Murder in the Marais
Page 21
“He said you’d try…,” Thierry sputtered.
“And you are a Jew.”
Thierry stopped dead. “What are you talking about?”
“Technically,” Aimee continued, “since you were born of a Jewish mother. Judaism follows matriarchal lines. But you’re German too since your father was an occupying soldier. Probably Si-Po, responsible for the Gestapo who pursued enemies of the Reich.”
He shook his head. “Why are you doing this?”
“Read it,” she said.
Doubt flickered in his eyes.
“Nathalie wanted you to know your real parentage, Thierry,” Aimee said. “Her soul couldn’t rest after her promise. Secretly, it hurt her to see you hate the Jews. Especially…”
Thierry grabbed the letter out of her hands. He went to the window and read it. For what seemed an eternity, she heard the monotonous tick of the kitchen clock.
“How could this be true?” His eyes flashed at Aimee. He sat down and reread the letter. “All these years? Lies, a pack of lies! Is this why she drank?”
“I can’t answer that,” she said. She caught his wild gaze and held it. “How does this involve Lili?”
“How would I know?” Thierry’s voice dropped. “Nothing makes sense. It’s like I’ve been hit by a wave in the ocean and my feet can’t touch the sand. I don’t know which way is up for air.” Then he asked simply, “Why didn’t they ever tell me I wasn’t theirs?”
He looked devastated. Even though she felt sorry for him, she still had to know the truth.
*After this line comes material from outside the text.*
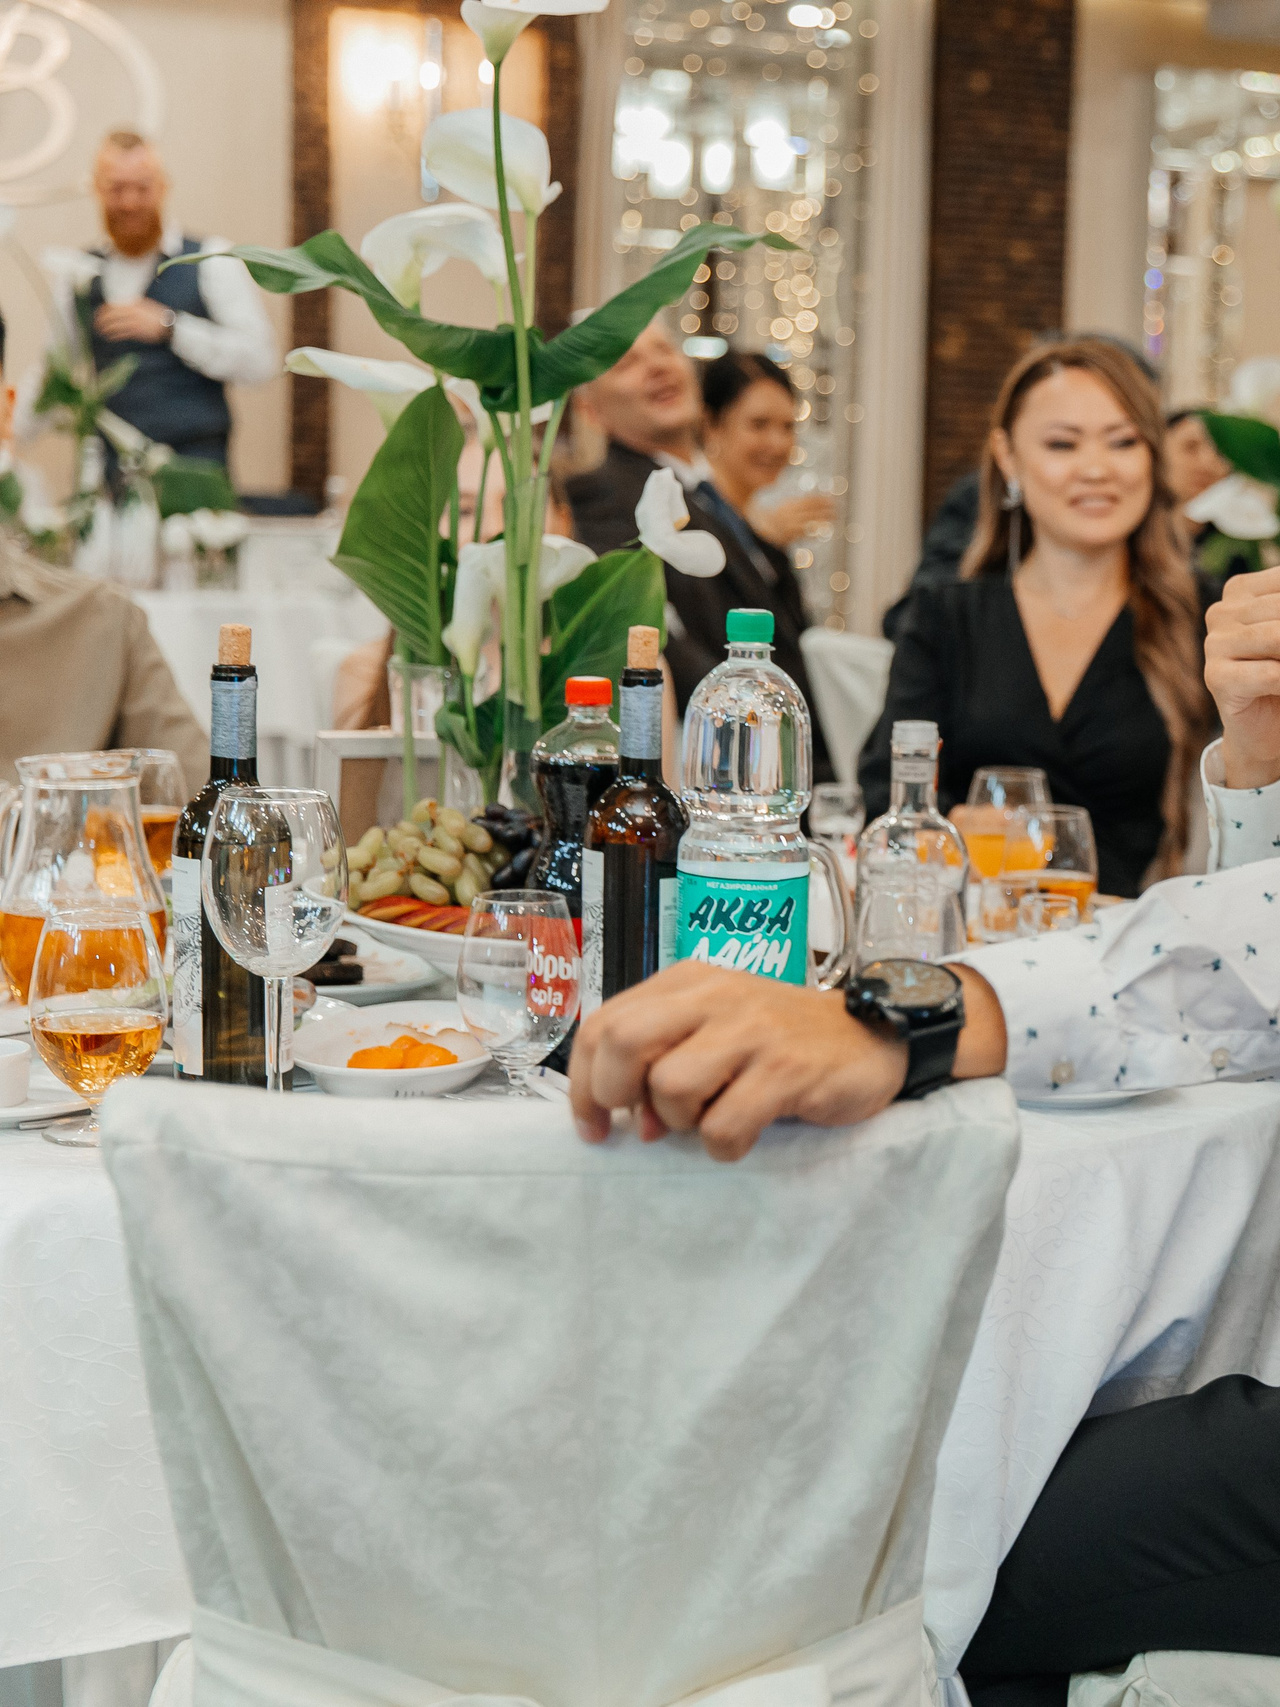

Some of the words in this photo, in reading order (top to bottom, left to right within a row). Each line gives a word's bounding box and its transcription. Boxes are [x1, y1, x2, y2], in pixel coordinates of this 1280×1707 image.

[688, 895, 796, 936] АКВА
[690, 933, 792, 978] ЛАЙН
[531, 986, 564, 1007] cola
“Did you kill Lili? Make an example of her death?” She watched him closely.
He shook his head. “From an airplane? I told you, I flew in from…”
“Who did it?” she interrupted.
“Someone’s trying to frame me,” he said. He began rummaging through papers near the window.
“What are you looking for, Thierry?”
“Something that tells me who I really am.” Thierry picked up papers, never taking his eyes off her. “All this reveals is…” But he couldn’t say it.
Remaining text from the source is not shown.